Lemon ~ Blueberry Yogurt Loaf
adapted from this recipe

To make the loaf:
  • 1 1/2 cups + 1 tablespoon all-purpose flour, divided
  • 2 teaspoons baking powder
  • 1/2 teaspoon kosher salt
  • 1 cup vanilla whole-milk yogurt
  • 1 cup {whole cane} sugar
  • 3 large eggs
  • 2 teaspoons grated lemon zest {about 2 lemons}
  • 1/2 teaspoon pure vanilla extract
  • 1/2 cup canola oil
  • 2 cups fresh blueberries
To make the lemon syrup:
  • 1/3 cup {whole cane} sugar
  • 1/3 cup fresh squeezed lemon juice
To make the lemon glaze:
  • 1 cup sifted confectioners sugar
  • 2 ~ 3 Tbsp. fresh squeezed lemon juice

  1. Preheat the oven to 350 degrees F. Grease bottom and sides of one 9 x 5-inch loaf pans; dust with flour, tapping out excess.

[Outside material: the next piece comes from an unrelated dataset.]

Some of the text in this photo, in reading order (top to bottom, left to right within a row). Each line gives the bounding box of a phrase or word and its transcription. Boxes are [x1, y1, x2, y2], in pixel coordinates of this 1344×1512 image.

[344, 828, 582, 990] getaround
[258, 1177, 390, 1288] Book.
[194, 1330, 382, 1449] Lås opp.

  2. In a medium bowl, sift together flour, baking powder and salt; set aside.

  3. In a large bowl, whisk together the yogurt, sugar, eggs, lemon zest, vanilla and oil. Slowly whisk the dry ingredients into the wet ingredients. After wet & dry ingredients are combined, use the medium dry bowl to mix the blueberries with the remaining tablespoon of flour.  Fold the floured blueberries gently into the batter.

  4. Pour the batter into the prepared loaf pan and bake 50 to 55 minutes, or until a toothpick inserted in the center of the loaf comes out clean. Let cool in the pans for 10 minutes before removing loaf to a wire rack on top of a baking sheet.

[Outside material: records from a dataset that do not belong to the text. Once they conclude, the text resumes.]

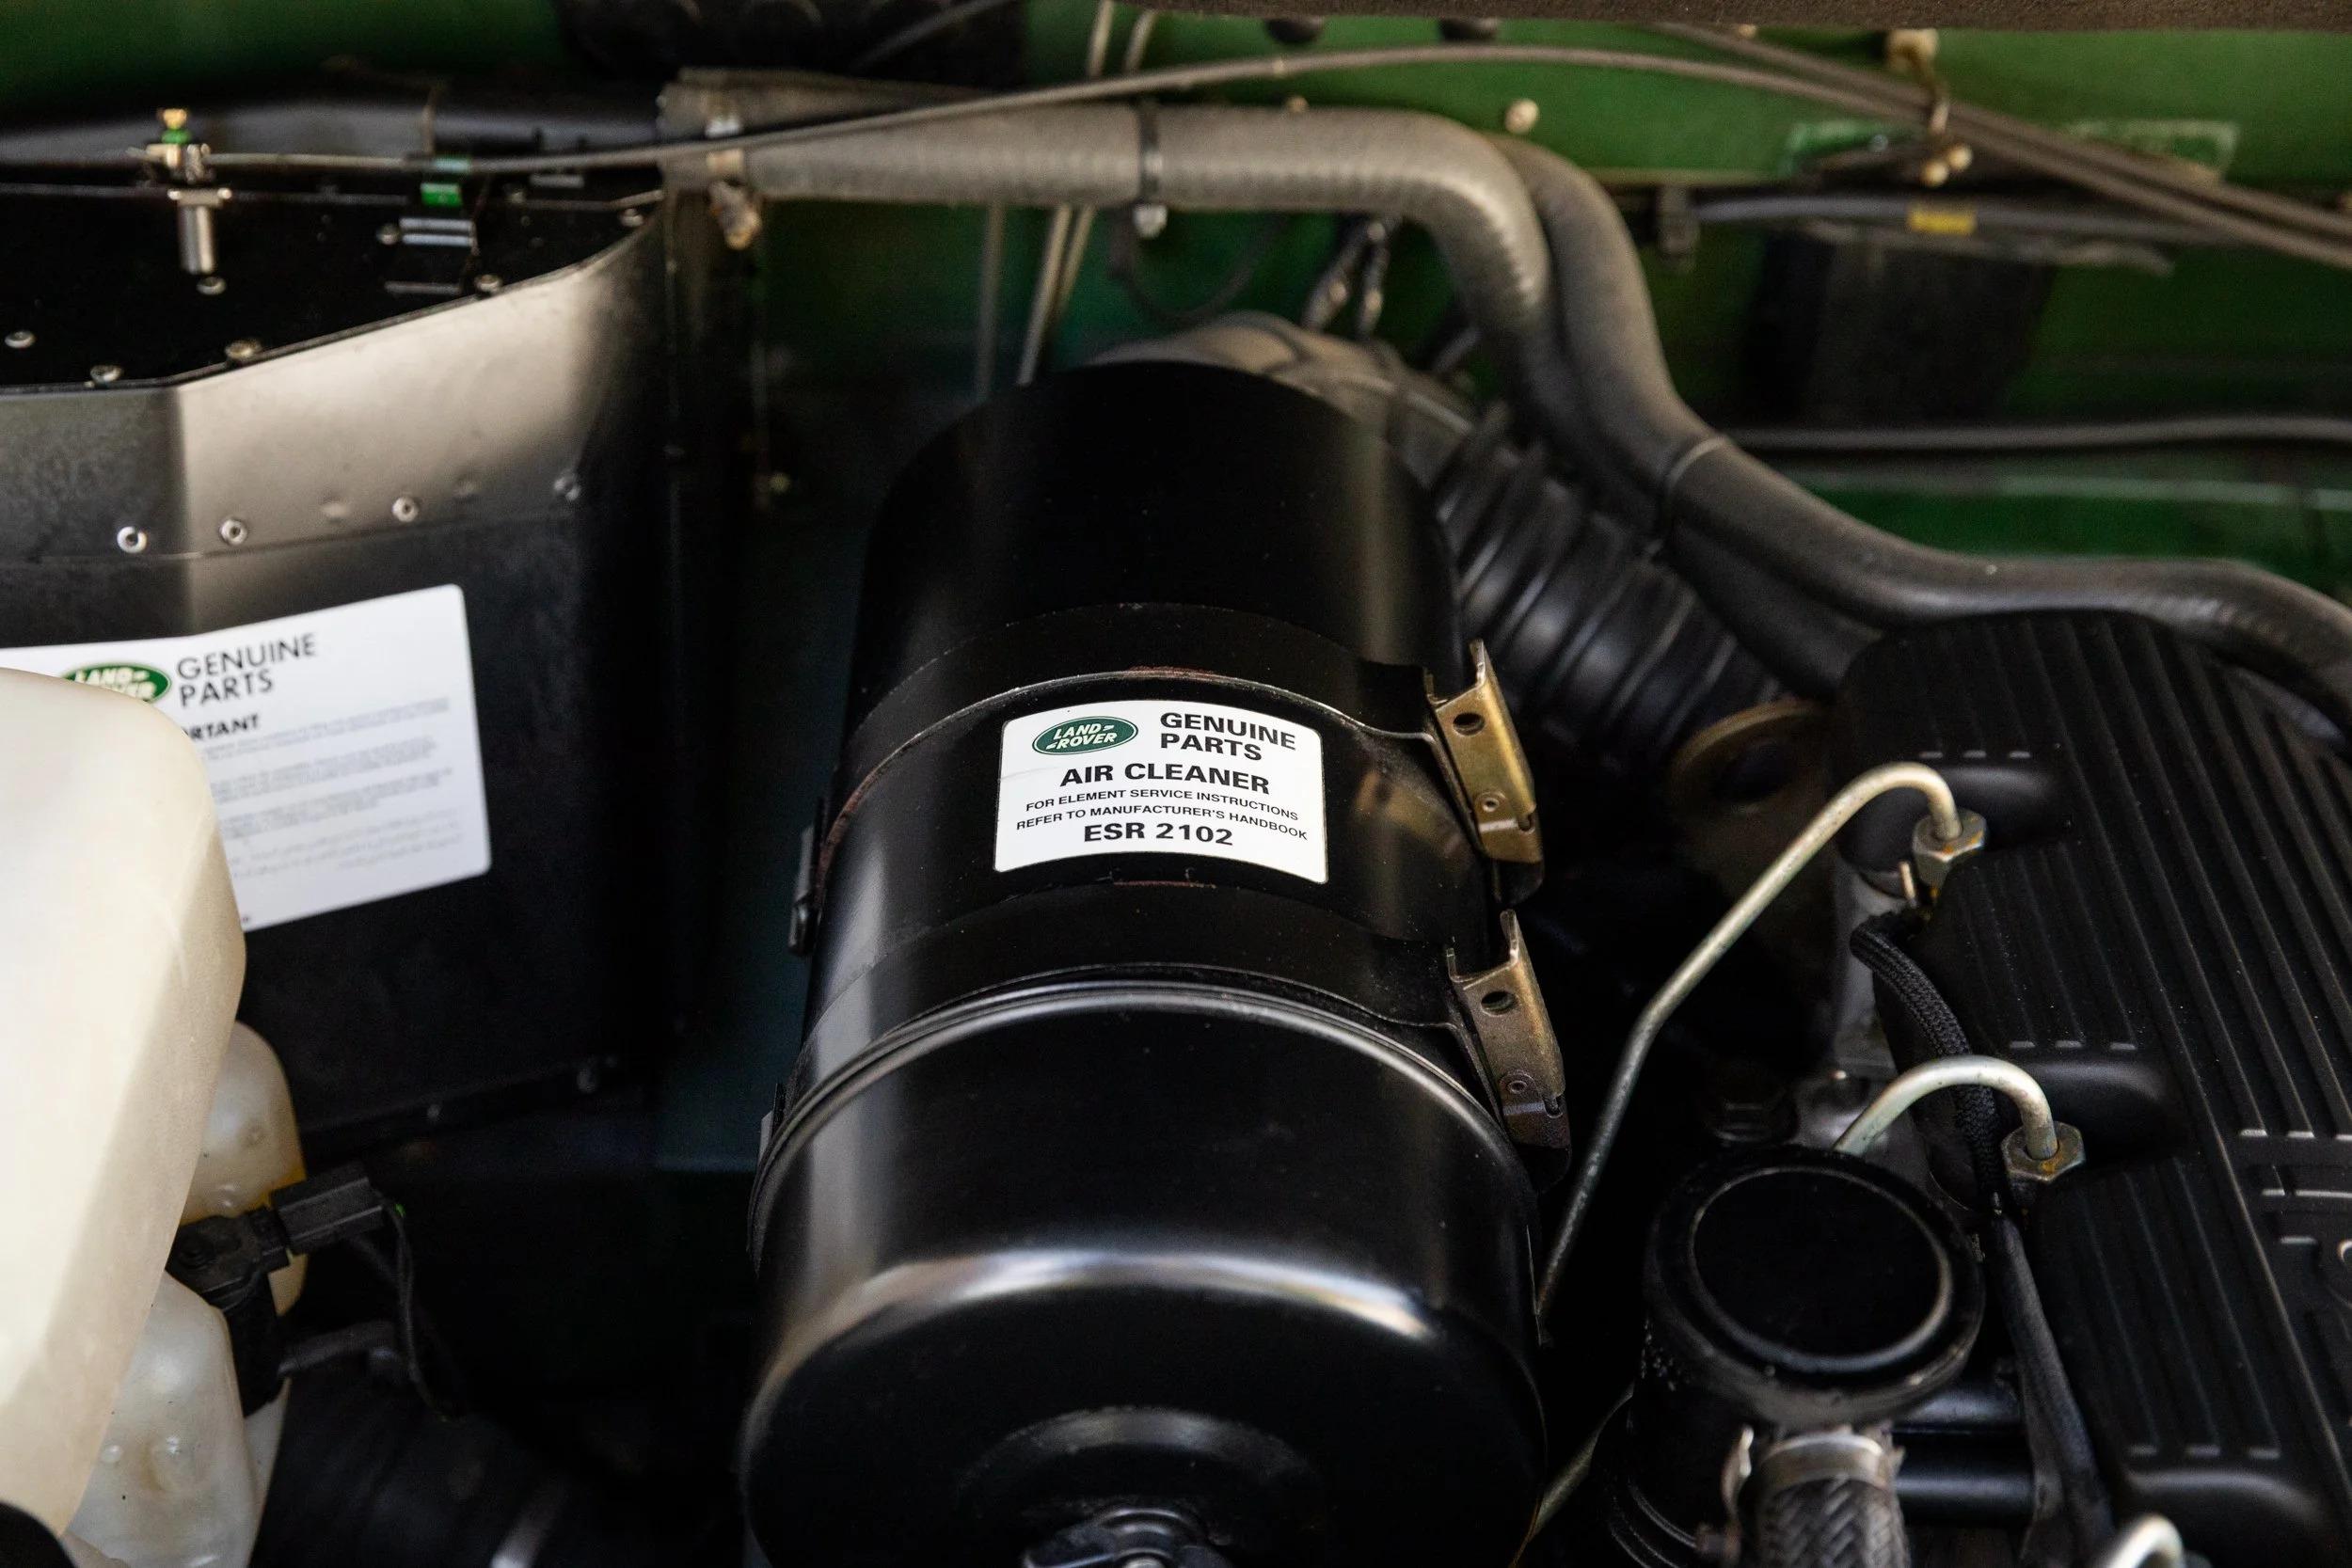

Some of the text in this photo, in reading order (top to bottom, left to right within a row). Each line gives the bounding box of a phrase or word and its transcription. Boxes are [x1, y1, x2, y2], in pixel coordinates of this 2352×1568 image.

[177, 633, 317, 682] GENUINE
[179, 669, 274, 707] PARTS
[182, 713, 259, 739] RTANT
[1053, 725, 1100, 739] LAND
[1056, 732, 1117, 749] ROVER
[1160, 712, 1296, 751] GENUINE
[1160, 733, 1263, 761] PARTS
[1059, 763, 1270, 795] AIR CLEANER
[1025, 789, 1299, 821] FOR ELEMENT SERVICE INSTRUCTIONS
[1016, 805, 1308, 840] REFER TO MANUFACTURER'S HANDBOOK
[1084, 822, 1233, 846] ESR 2102

  5. While the loaf is cooling, whisk together the lemon juice and sugar in a small saucepan over medium heat until the sugar is completely dissolved. Once dissolved, continue to cook for 3 more minutes. Remove from the heat; set aside.

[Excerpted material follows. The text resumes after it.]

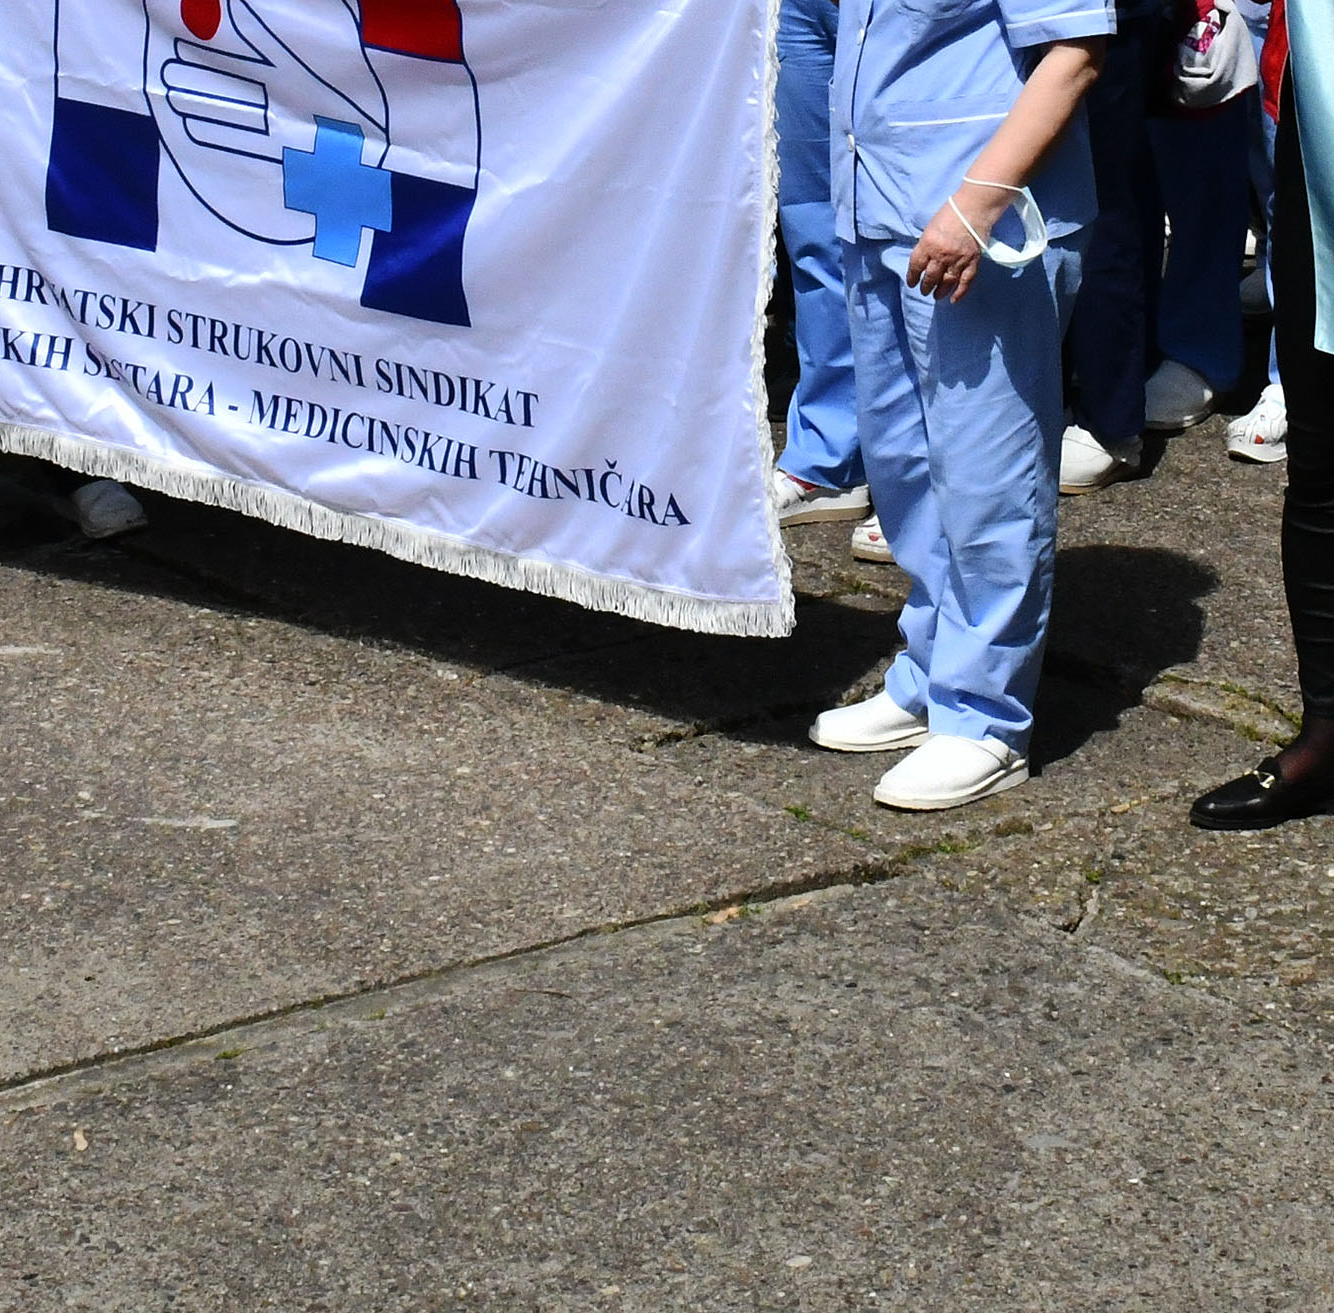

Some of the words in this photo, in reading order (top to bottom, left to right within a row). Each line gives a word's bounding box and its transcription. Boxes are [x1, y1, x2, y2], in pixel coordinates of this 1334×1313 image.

[166, 308, 367, 388] STRUKOVNI
[375, 358, 539, 428] SINDIKAT
[249, 389, 482, 480] MEDICINSKIH
[489, 450, 692, 526] TEHNIČARA

  6. Place a plate or some sort of pan underneath the cooling rack...the next steps will be messy!

  7. Use a toothpick {or a matchstick if you happen to be out of toothpicks! :) } to poke holes in the tops and sides of the warm loaf. Brush the top and sides of the loaf with the lemon syrup. Let the syrup soak into the cake. Brush the sides & top of loaf again with the excess syrup that dripped onto the plate.  Let the cake cool completely.

  8. Once the loaf has completely cooled, whisk together the confectioners’ sugar and 2-3 tablespoons of the lemon juice in a small bowl. The mixture should be thick but pourable. If the mixture does not easily pour, add more lemon juice in small amounts until you reach the desired consistency. Position a plate underneath the rack and slowly pour the lemon glaze over the top of the loaf and let it drip down the sides. {if you're like me and wanted every ounce of glazy-goodness on that loaf, then you can scrape the glaze drippings with a spatula and re-drip onto the loaf.}

  9.  Let the lemon glaze harden, about 15 minutes, before serving.

  10.  It is perfectly acceptable, {normal even!}, to sneak 3 pieces before sharing with anyone else. :)


  1. Catherine BellJuly 22, 2011

    So that's what smelled (and looked) so yummy on your counter today. I'm not sure the loaf would have made it through the day in my house! :)

  2. That was it...and it wasn't even glazed at that point yet. It hasn't lasted long here either..there might be about 3 pieces left! :)

  3. Catherine BellJuly 30, 2011

    I just made this again with 1/2 cup whole wheat flour and 1/4 cup coconut oil (+ 1/4 cup canola oil) and it was delicious!